There was no official welcoming party waiting to present Mandela with the key to the city. There was no official proclamation from the Miami city commissioners. Instead, the newspapers trumpeted a letter from local officials, including Cuban-born Mayor Xavier Suarez, denouncing Mandela's remarks as "beyond reasonable comprehension."

For Miami's black leaders, the snubbing of the man who had become the source of inspiration for blacks everywhere was a deep insult. "To reject Mandela," said Johnnie McMillian, president of the local chapter of the NAACP, "is to reject us." To retaliate, black leaders launched a national boycott of Miami's convention and tourism industry, and demanded their mayor and other officials apologize.

But for five months now, despite several tortured formulations of public regret, Suarez has refused to say "I'm sorry" in a way that satisfies the black community.

Numerous attempts at mediation by civic and church leaders have been unsuccessful, and officials estimate the boycott has cost the city $12 million in business.

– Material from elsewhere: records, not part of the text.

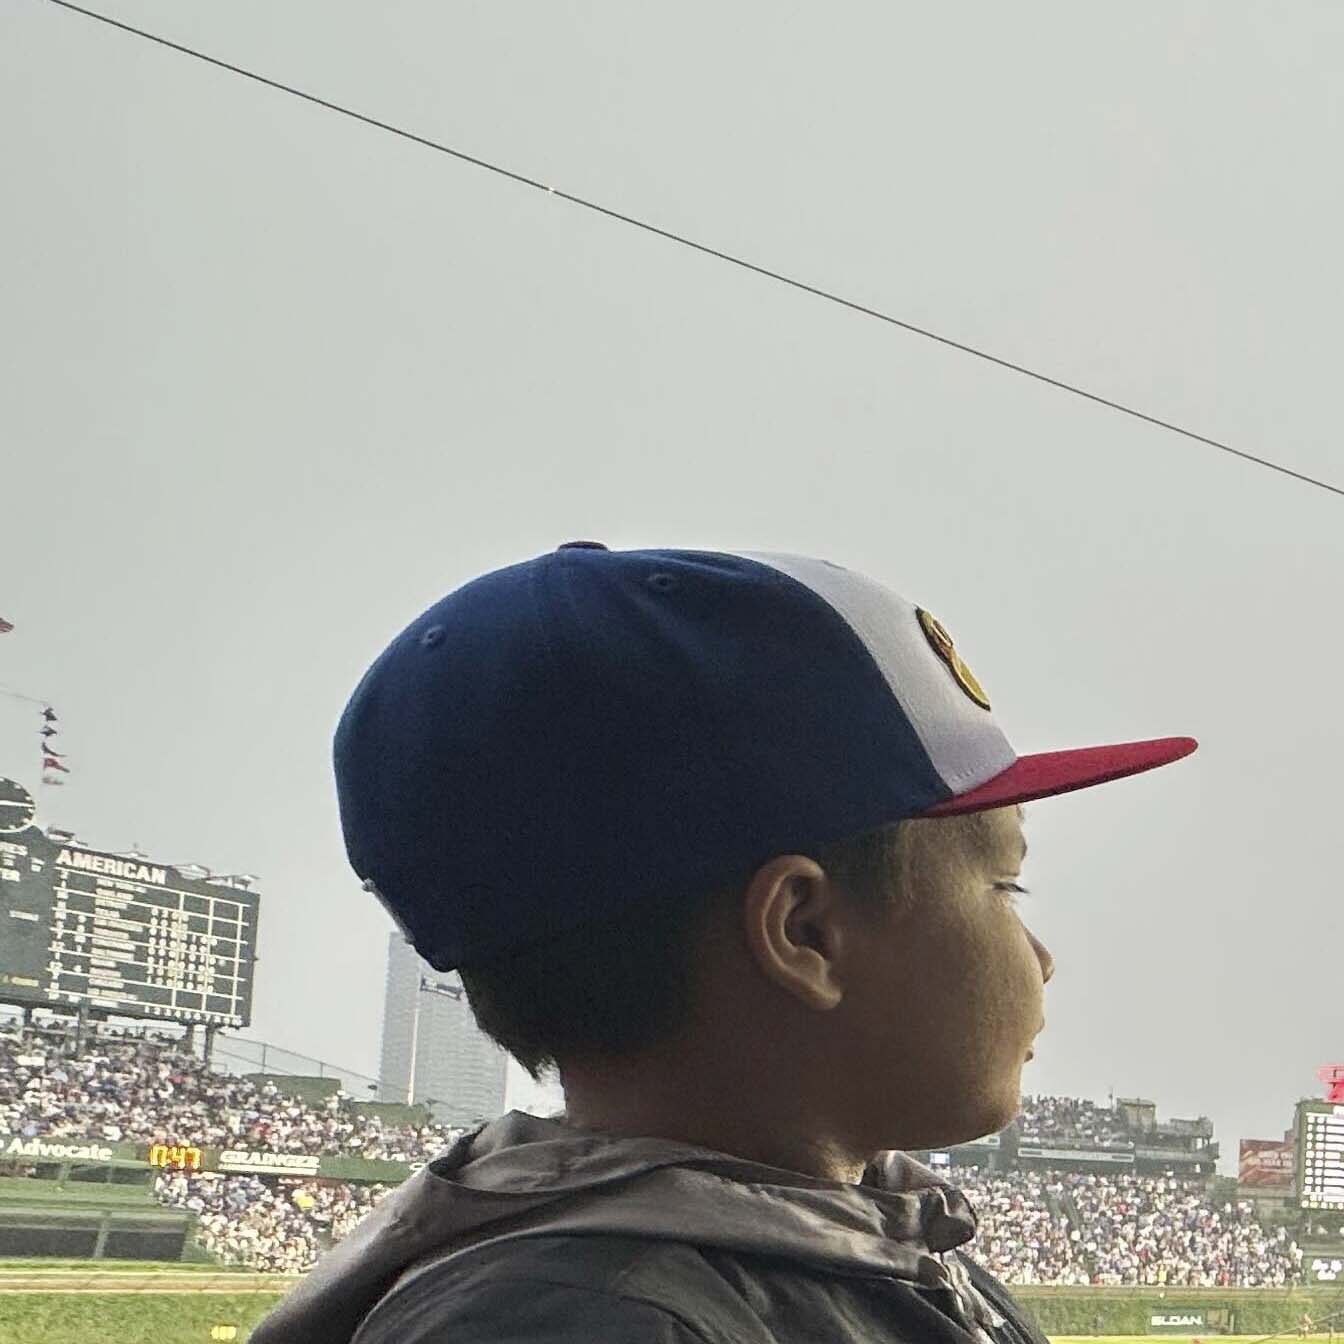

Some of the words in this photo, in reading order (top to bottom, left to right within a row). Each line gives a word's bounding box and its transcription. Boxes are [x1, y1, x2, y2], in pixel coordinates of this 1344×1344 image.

[56, 849, 166, 884] AMERICAN
[7, 1137, 112, 1161] Advocate
[220, 1150, 321, 1168] GRAINGER
[1151, 1315, 1202, 1326] SLOAN
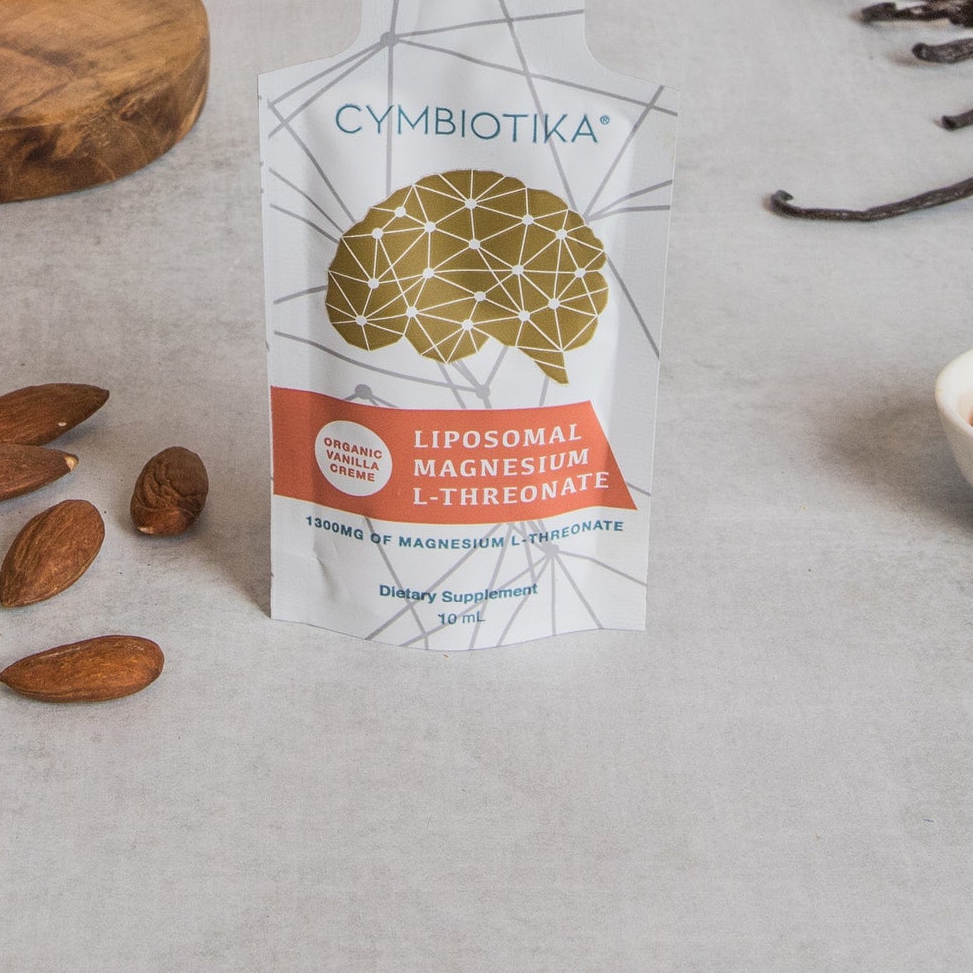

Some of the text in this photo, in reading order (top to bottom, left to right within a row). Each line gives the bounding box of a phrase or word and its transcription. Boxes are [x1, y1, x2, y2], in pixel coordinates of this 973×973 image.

A dozen groups, mostly black professional associations, have canceled Miami convention plans, as has the American Civil Liberties Union and the 70,000-member National Alliance of Postal and Federal Employees.

In this poly-ethnic coastal city, as famous for its constantly simmering racial tensions as it is for its serene tropical vistas, the long-running Mandela uproar is only one of a seemingly endless series of similar controversies.

Miami -- whose nearly 400,000 urban population is 60 percent Hispanic, 15 percent black and 25 percent "Anglo" -- is one of America's most diverse and divided cities, where the endless complexities of racial and immigrant politics mean that any disagreement can become a conflagration.

Two and half weeks ago, Miami again was in the national news when frustration in a poor Puerto Rican neighborhood boiled over into the streets, where youths looted and set fires, causing an estimated $2.9 million in damage, after six Miami policemen were acquitted in the beating death of a Puerto Rican drug suspect.

Last summer, an argument between a Cuban merchant and his Haitian customer over a tailoring job on a pair of trousers quickly brought to the surface the deeper resentment Haitians feel over what they see as the Cubans' preferential refugee status.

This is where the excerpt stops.